「人生の土台は何ですか?」
聖書 マタイによる福音書7:24-29、イザヤ書54:9-13
2016年 11月 20日 礼拝、小岩教会
説教者 稲葉基嗣牧師
【私たちの土台は簡単に崩れ去る】
「あなたの人生の土台は何でしょうか。
何を日々の喜びとし、生きる糧としているでしょうか。」
もしもこのように問い掛けられたならば、
改めて自分自身の土台が何なのかを確認することだと思います。
何を人生の土台としているかは、きっと人それぞれ違うと思います。
家族や友人たちから、毎日たくさんの支えや助けを受けながら、
私たちは日々の生活を送っています。
毎日生きていくのに必要な分のお金や食べ物も必要ですし、
少し余裕があれば、ちょっとくらい贅沢をする。
それは生活の中で味わえるひとつの喜びともいえるでしょう。
また、社会的な地位が与えられているから、
自分の役割を見出し、相応しく働くことが出来るのだと思います。
そんな今の自分たちの生活のあり方を見つめると、
自分という存在は様々なものに支えられていて、
自分を支える大切なものが土台となっていることに気付かされます。
そんな大切な土台の上に、私たちは毎日の生活を通じて、
知識や財産、人間関係など、様々なものを積み重ねているのです。
だからこそ、私たちが日々積み重ねてきたものが、
その土台から崩れ去っていくことは、
すべての人にとってあってはならないことですし、
何とかして避けなければいけないことと言えるでしょう。
しかしそれにも関わらず、私たちが積み上げてきたものが、
あまりにも脆く崩れ去り、
土台から根こそぎ奪い去られる出来事が時として起こります。
阪神・淡路大震災や、まだ記憶にも新しいであろう東日本大震災など、
自然の脅威は、私たちが当たり前に思っていた生活を、
簡単に押し流し、私たちの土台を揺り動かします。
また、2002年9月11日起こった、アメリカでの同時多発テロ以来、
世界はテロリズムの脅威に怯えています。
人間の悪に晒されるとき、
私たちがこれまで当然と考えていたことは、
あまりにも簡単にも揺り動かされ、土台は崩れ、
そして失われてしまうのだということを世界中の人々が痛感しました。
【地の基は揺れ動く】
このように、私たちが当然のものと信じて疑わないものが、
その根底から崩されていくような出来事は、
人類の歴史の中で、何度も何度も繰り返し起こってきました。
旧約聖書の時代、神に選ばれて神の民とされた、
あのイスラエルの人々もまた、土台を崩される経験をしました。
紀元前586年、イスラエルの民はバビロニア帝国の人々の手によって、
住み慣れた地から見知らぬ異国の地へと、強制的に連れて行かれ、
親しい友人や家族とも引き離される経験をしました。
また、神を礼拝するために建てられた、
エルサレムの神殿とその町は徹底的に破壊されました。
この出来事は、バビロンへの捕囚と呼ばれ、
イスラエルの人々に悲しみを与え続けました。
神は預言者イザヤを通して、捕囚についてこのように語りました。
これは、わたしにとってノアの洪水に等しい。
再び地上にノアの洪水を起こすことはないと
あのとき誓い
今またわたしは誓う
再びあなたを怒り、責めることはない、と。
山が移り、丘が揺らぐこともあろう。

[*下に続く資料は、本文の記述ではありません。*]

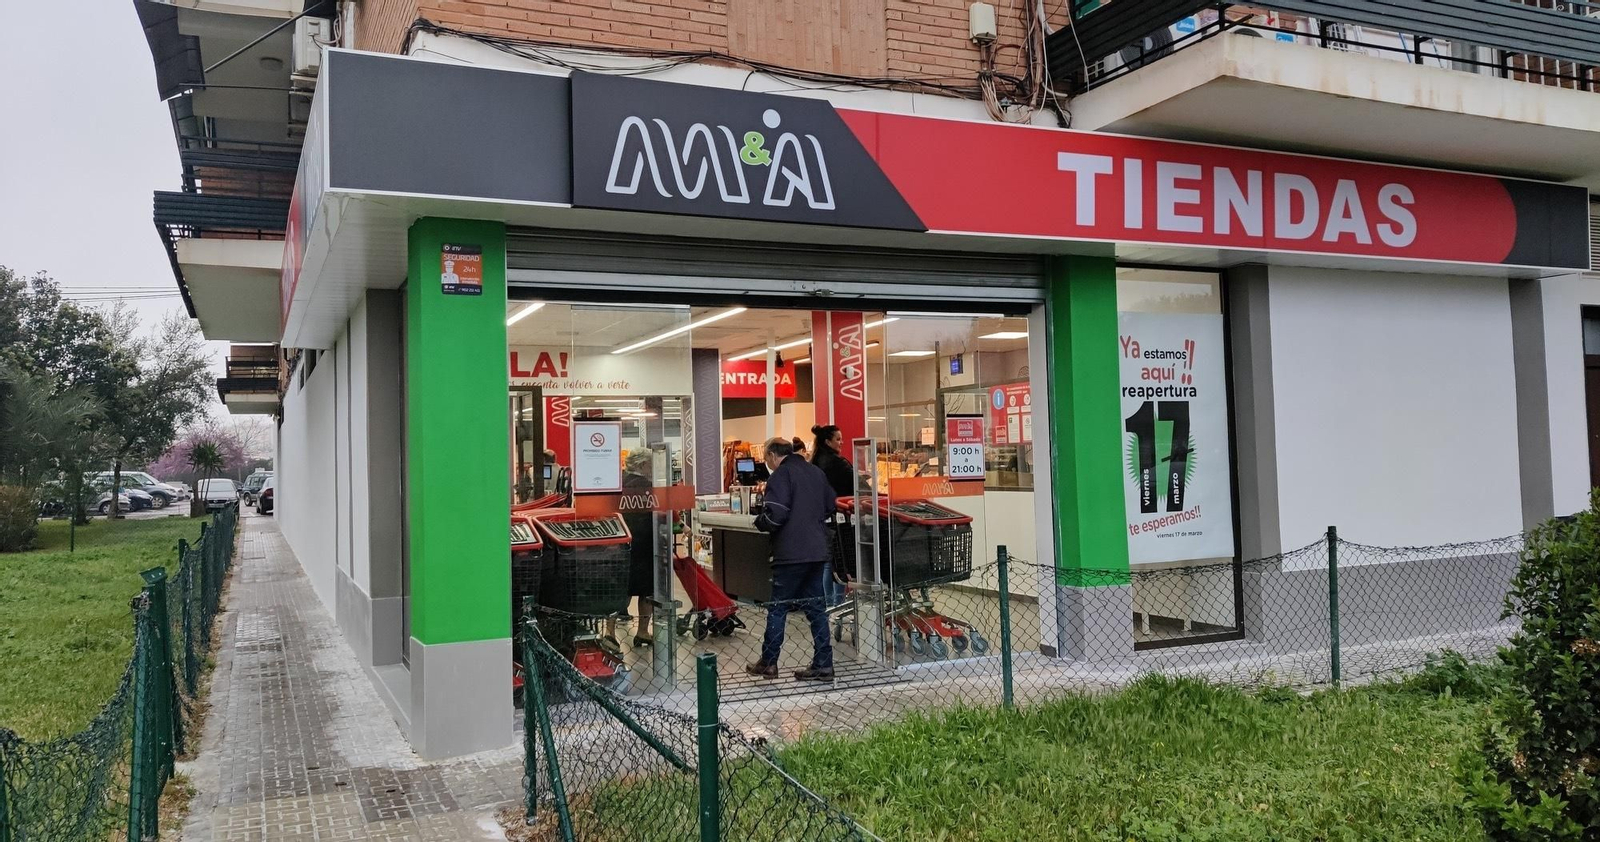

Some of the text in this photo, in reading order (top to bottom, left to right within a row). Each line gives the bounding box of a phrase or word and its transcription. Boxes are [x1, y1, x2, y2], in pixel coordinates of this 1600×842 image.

(イザヤ54:9−10)
山が移る、そして丘が揺らぐ。
それは、起こるはずのない出来事です。
しかし、その起こるはずもない、信じられない出来事が起こったのです。
まさにそれが、イスラエルの人々にとっての捕囚の経験でした。
当然のものだと、自分たちがこれまで考えていた、毎日の生活が奪われ、
彼らの土台はことごとく破壊されました。
それはまるで、ノアの時代に起こった洪水のようなものでした。
洪水がすべてのものを呑み尽くし、破壊し、奪い去っていく。
バビロンへの捕囚とは、すべてをひっくり返すような、
衝撃的な出来事だったのです。
しかし神は、預言者イザヤを通して、
このような出来事が起こることを予め預言していました。
イザヤ書24:18−19にこのような言葉が記されています。
天の水門は開かれ、地の基は震え動く。
地は裂け、甚だしく裂け
地は砕け、甚だしく砕け
地は揺れ、甚だしく揺れる。(イザヤ24:18−19)
「地の基が震え動く」。
それは、大地震が起きるということとは少し違います。
この世界を造られた神は、この世界を支える基を置かれました(詩編24:2)。
「地の基」はたとえ大地震が起こったとしても、決して震え動くことなく、この地を支えるものです。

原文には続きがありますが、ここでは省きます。